Les répétitions proches se repèrent assez facilement, et très aisément dès lors que vous utilisez un logiciel de correction. Ce genre d'outil traquera sans faillir le moindre doublon. Cependant, certaines redites sont malheureusement éloignées les unes des autres et dans ce cas, cette aide technique ne vous sera d'aucun recours. Je pense notamment aux descriptions. Tracer le tableau d'un énième bâtiment est susceptible de vous amener à utiliser la même tournure, voire les mêmes termes, que le précédent. Seule une lecture globale, et évidemment attentive, vous permettra de corriger ces impers. Ils sont plus difficiles à déceler dans un long roman dans la mesure où vous entrecoupez celle-ci. Toutefois, et comme je vous l'expliquais plus avant, ce sera pour vous l'occasion d'améliorer, d'enrichir ces descriptions, de vous creuser la tête comme jamais pour en ressortir quelque chose d'original, voire de meilleur.
 
La répétition est néanmoins tolérée dans deux configurations : 
- la figure de style : comme vous le devinez, elle consiste à reprendre à l'identique un même terme, ou deux mots à la racine similaire, ou une cadence, pour créer un effet particulier. De nombreuses variations sont envisageables, allant de l'allitération à l'hyperbole. Seulement, au contraire de la répétition fautive, celle-ci est voulue et recherchée, et découle d'un travail intellectuel. Cependant, et comme pour n'importe quelle figure de style, gardez-vous d'en abuser car vous alourdirez votre texte. 

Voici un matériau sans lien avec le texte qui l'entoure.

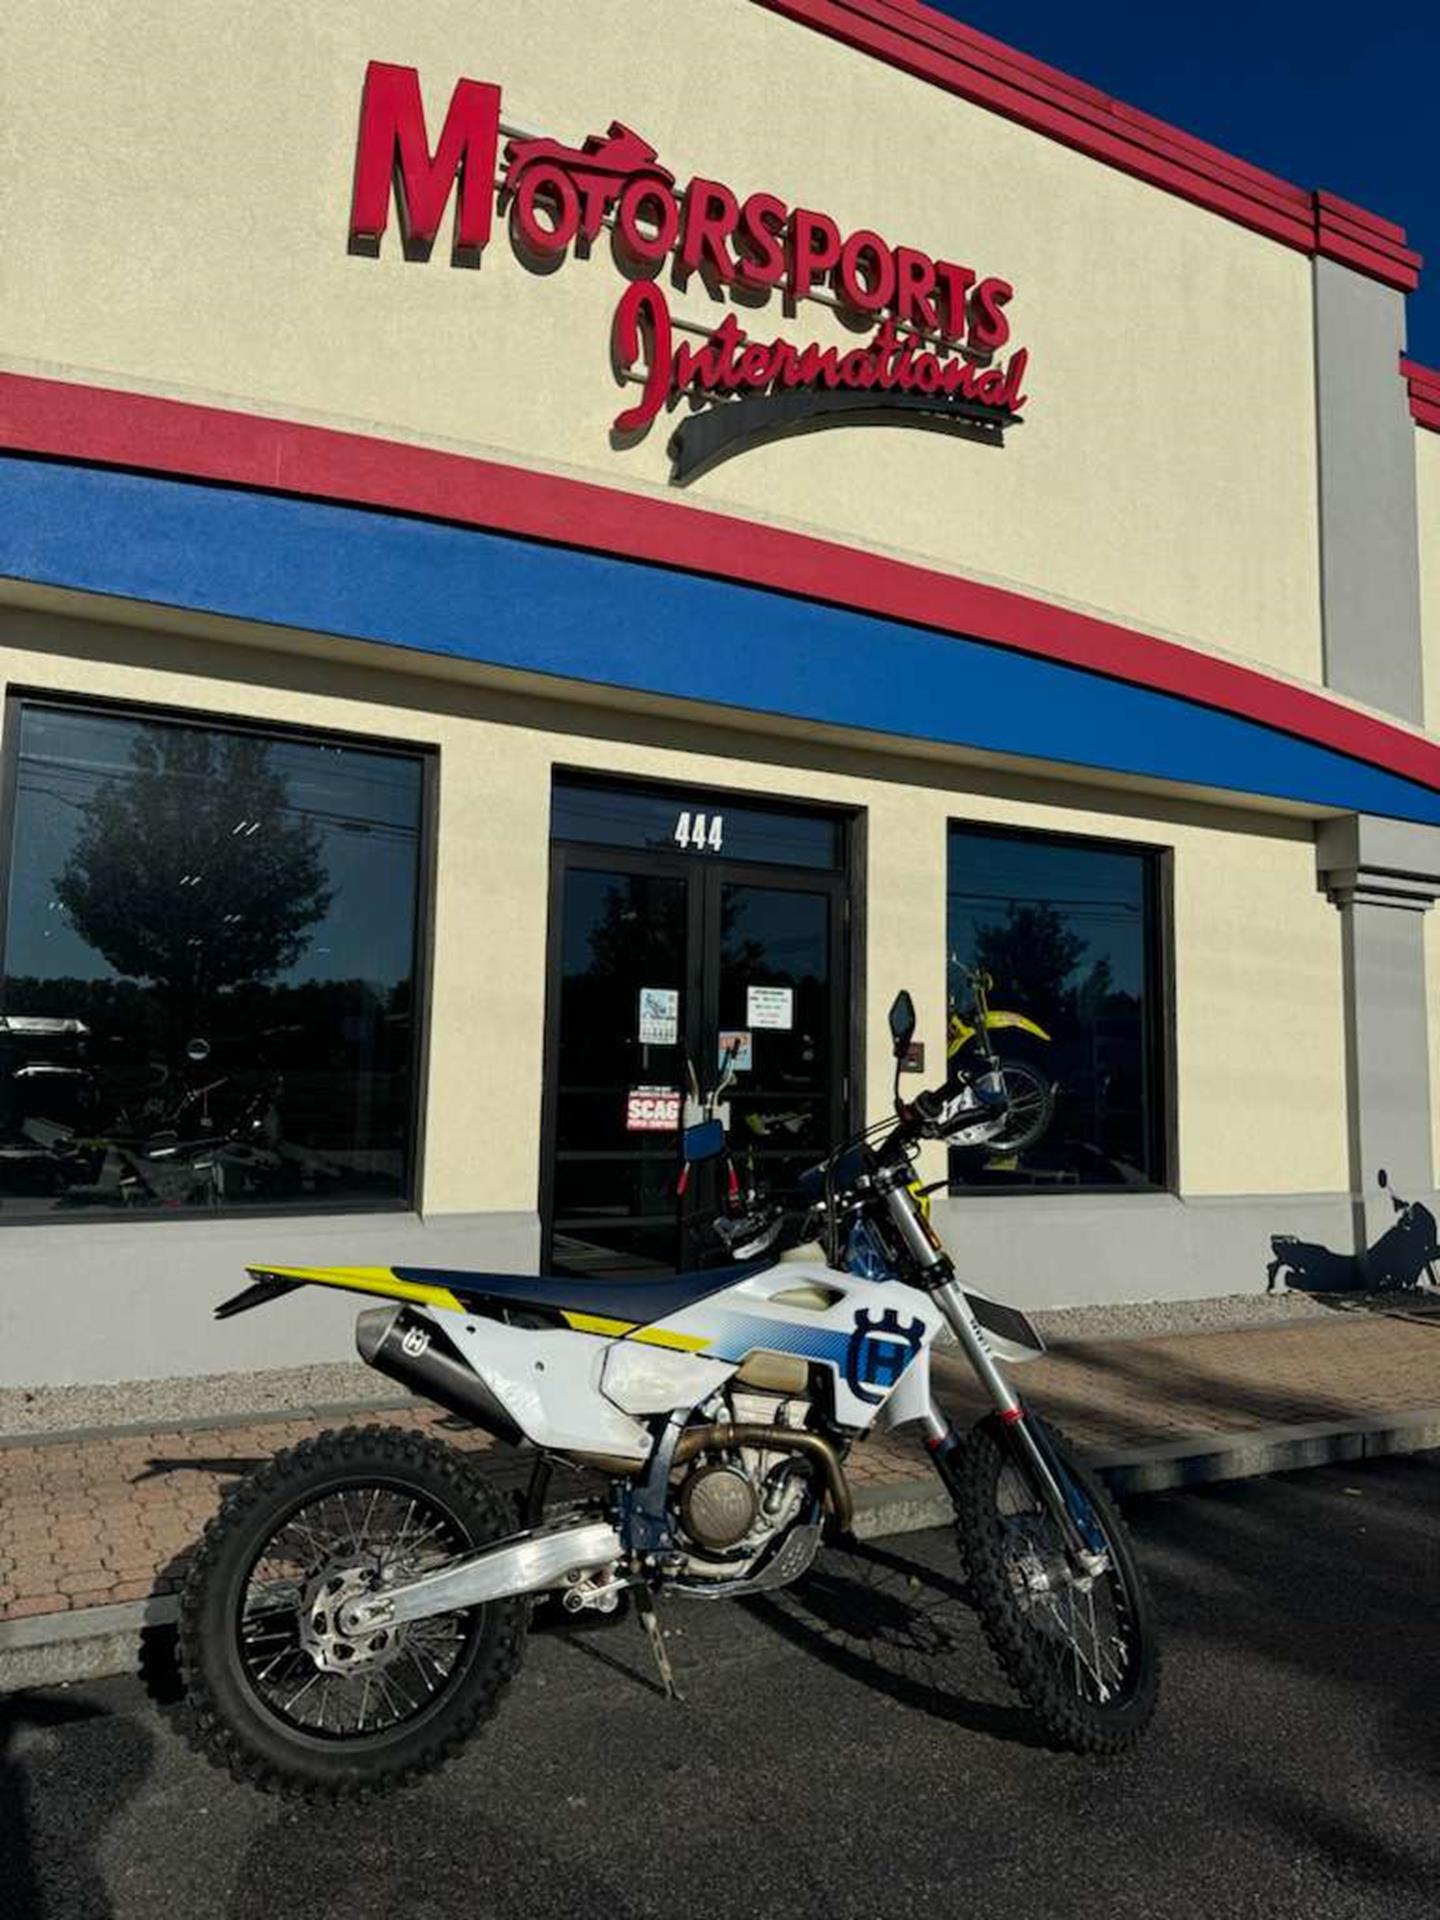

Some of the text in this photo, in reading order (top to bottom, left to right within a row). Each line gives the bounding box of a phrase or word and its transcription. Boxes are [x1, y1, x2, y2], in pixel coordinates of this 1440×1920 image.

[614, 278, 1029, 433] International
[674, 811, 723, 851] 444
[628, 1099, 679, 1120] SCAG

- le dialogue : dans la vraie vie, les échanges verbaux multiplient naturellement les répétitions. L'auteur sera donc tenté de s'en inspirer pour donner l'illusion du réel. La manœuvre n'est pas totalement prohibée à condition que les discussions ne tournent pas à une confrontation d'échos et ne restent pas stériles. En revanche, soyez attentif au style de chaque personnage, que l'un ne parle pas exactement comme l'autre, à l'occasion d'une tournure ou de l'emploi d'un vocabulaire spécifique. Surtout, même si la répétition est tolérée par les circonstances ou par votre éditeur, n'en abusez pas pour autant.